Salman Rushdie konfrontiert sein Gespenst aus der Vergangenheit... Der Moment der Wahrheit nach den Stichen des Verrats.

February 11, 2025184 AufrufeLesezeit: 3 Minuten
Salman Rushdie konfrontiert sein Gespenst aus der Vergangenheit... Der Moment der Wahrheit nach den Stichen des Verrats.
Am evening of August 12, 2022, as Salman Rushdie sat on a theater stage at the "Chautauqua" cultural festival in northern New York, an unexpected event occurred; a young man rushed towards him, wielding a knife, and delivered ten sudden stabs to his neck, eye, hand, and chest. One of the stabs was so severe that it resulted in the removal of his eye. This sudden attack came 34 years after a fatwa issued by Ayatollah Khomeini in 1989, calling for Rushdie's blood to be shed due to his novel "The Satanic Verses" which was deemed offensive to Islam.
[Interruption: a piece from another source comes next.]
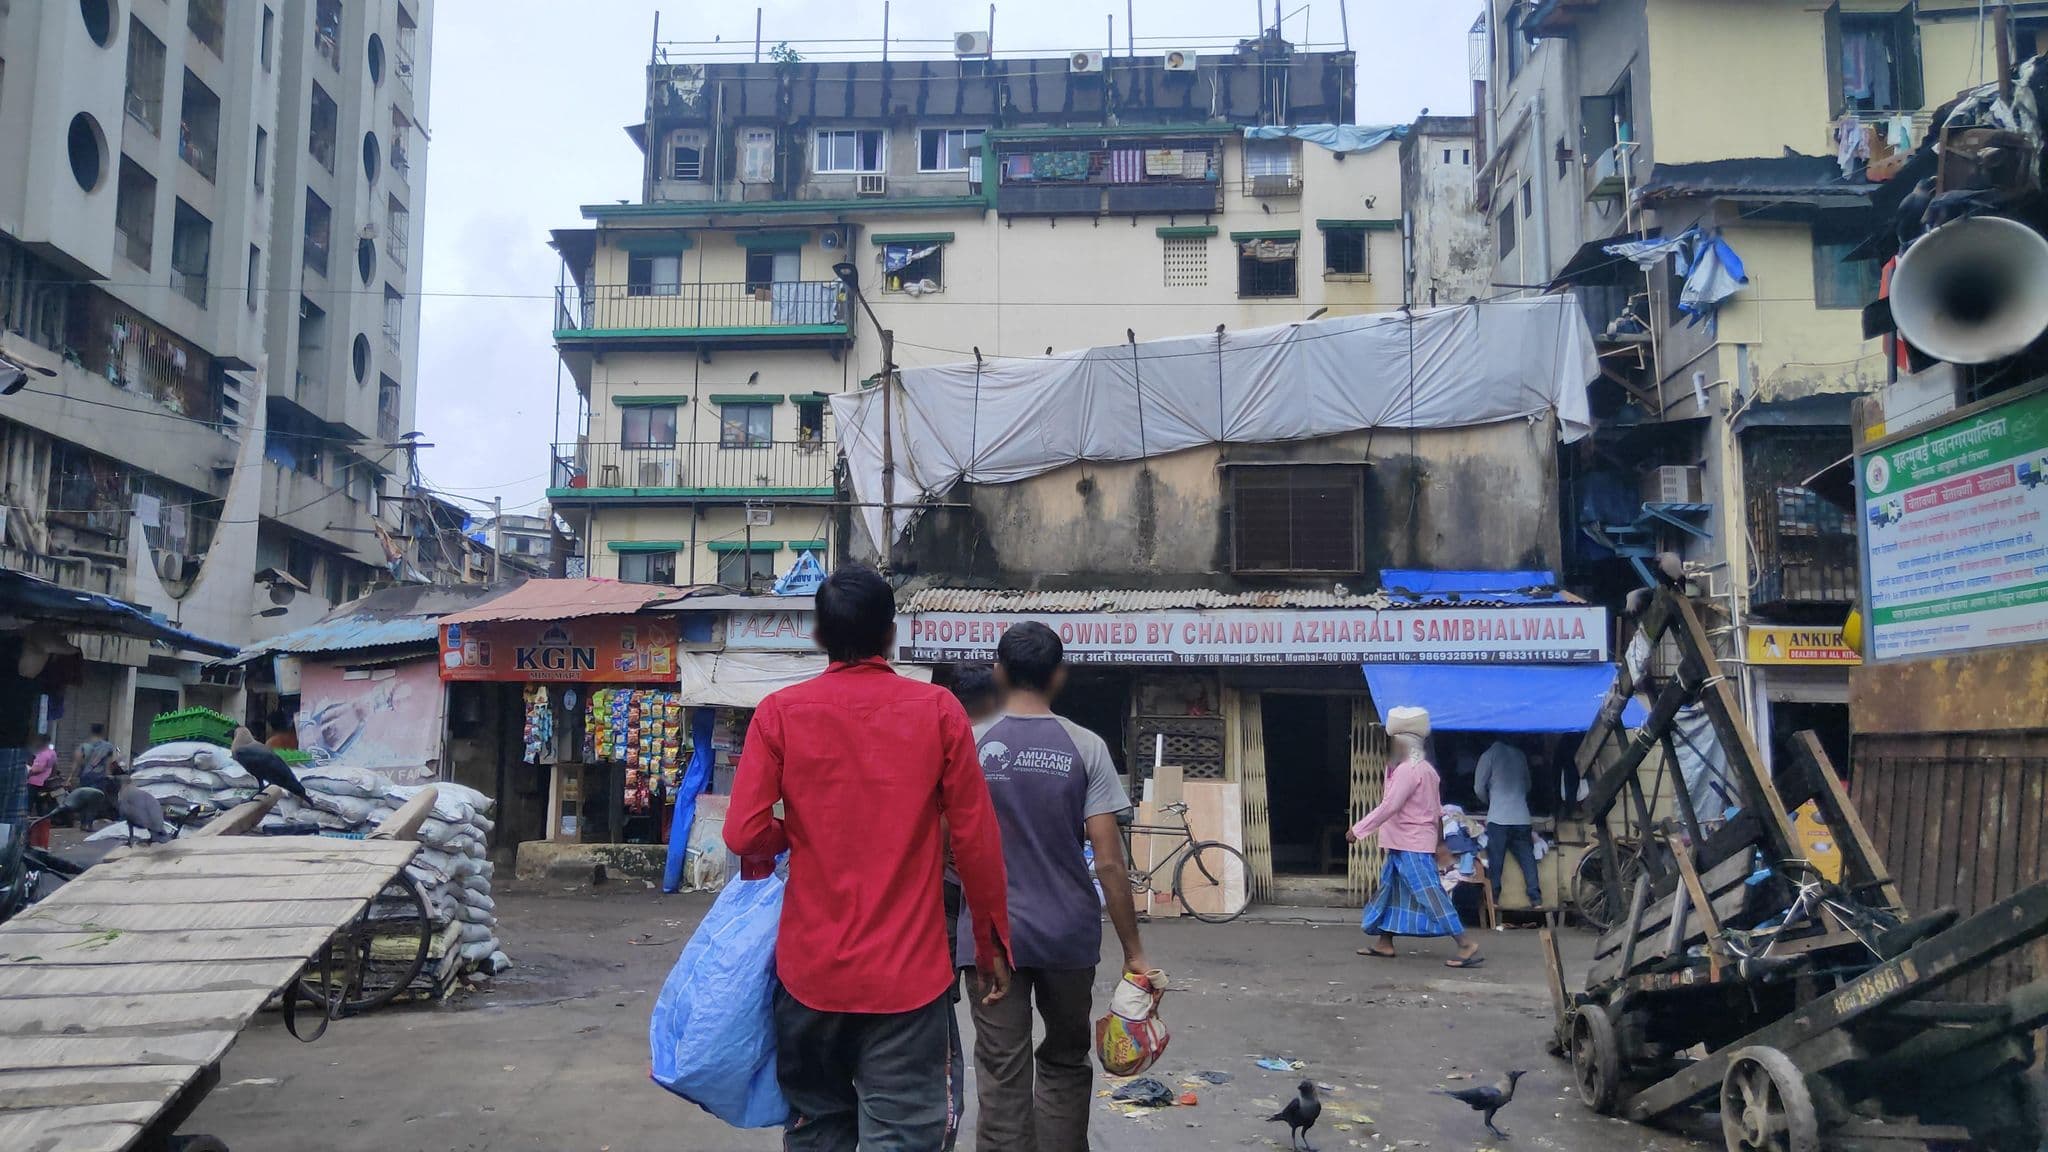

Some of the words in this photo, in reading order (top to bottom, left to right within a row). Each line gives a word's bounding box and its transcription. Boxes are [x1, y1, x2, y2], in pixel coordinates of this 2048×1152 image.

The attacker, Hadi Matar, an American of Lebanese descent, was born in New Jersey 26 years ago. Matar had not read the book in its entirety, but later admitted that he had only "read a few pages". However, he learned from the internet that Rushdie would be attending the festival, so he decided to seek revenge for him because of the fatwa. When journalists from the "New York Post" asked him a question in prison a week after his arrest, Matar replied: "I read a few pages. I did not read the book in full," adding that he decided to go to the theater and punish Rushdie with ten stabs.

This attack was not just a passing event. Hadi had spent a month in Lebanon in 2018, and returned to America after this trip to be a different person, according to his mother, Sylvana Firdaus. She said, "He locked himself in the basement when he returned from Lebanon, cooked his own food, and no longer spoke to me much, but started scolding me for not raising him strictly as a Muslim." This change in Matar's behavior was a sign of his internal transformations after returning from Lebanon.

Rushdie, who was 77 years old at the time of the attack, did not expect the "ghost of the past" to haunt him after more than three decades of the fatwa. In his book "Knife" released last year, Rushdie described those moments, saying: "The first thing that came to my mind when I saw him rushing towards me was to say: So you are you. The second thought was: Why now? After all these years? Surely the world has moved on, and the matter has been closed."

However, as described in the book, Matar was like a "killer ghost from the past" who quickly approached. Despite many years passing since the Iranian fatwa, Rushdie still faced the consequences.

The police who arrived at the scene quickly arrested Matar and raided his home in Fairview, New Jersey, where he lived with his mother and twin sisters. In the court proceedings starting on Tuesday, the prosecutor, Jason Schmidt, will stand before the judge to present the case of the attack. The prosecutor plans to summon Salman Rushdie as a witness in the session.

Matar, who faces charges of "supporting a foreign terrorist organization" in reference to Hezbollah, in addition to "attempted murder" and "assault", could face penalties of up to 25 years in prison if convicted.

This courtroom encounter is the next chapter in Salman Rushdie's story that is not yet over, between his past and the consequences of the fatwa; this tale remains open until the judgment is made in the case of the attack he endured, for everyone to discover how killers face the past in our time.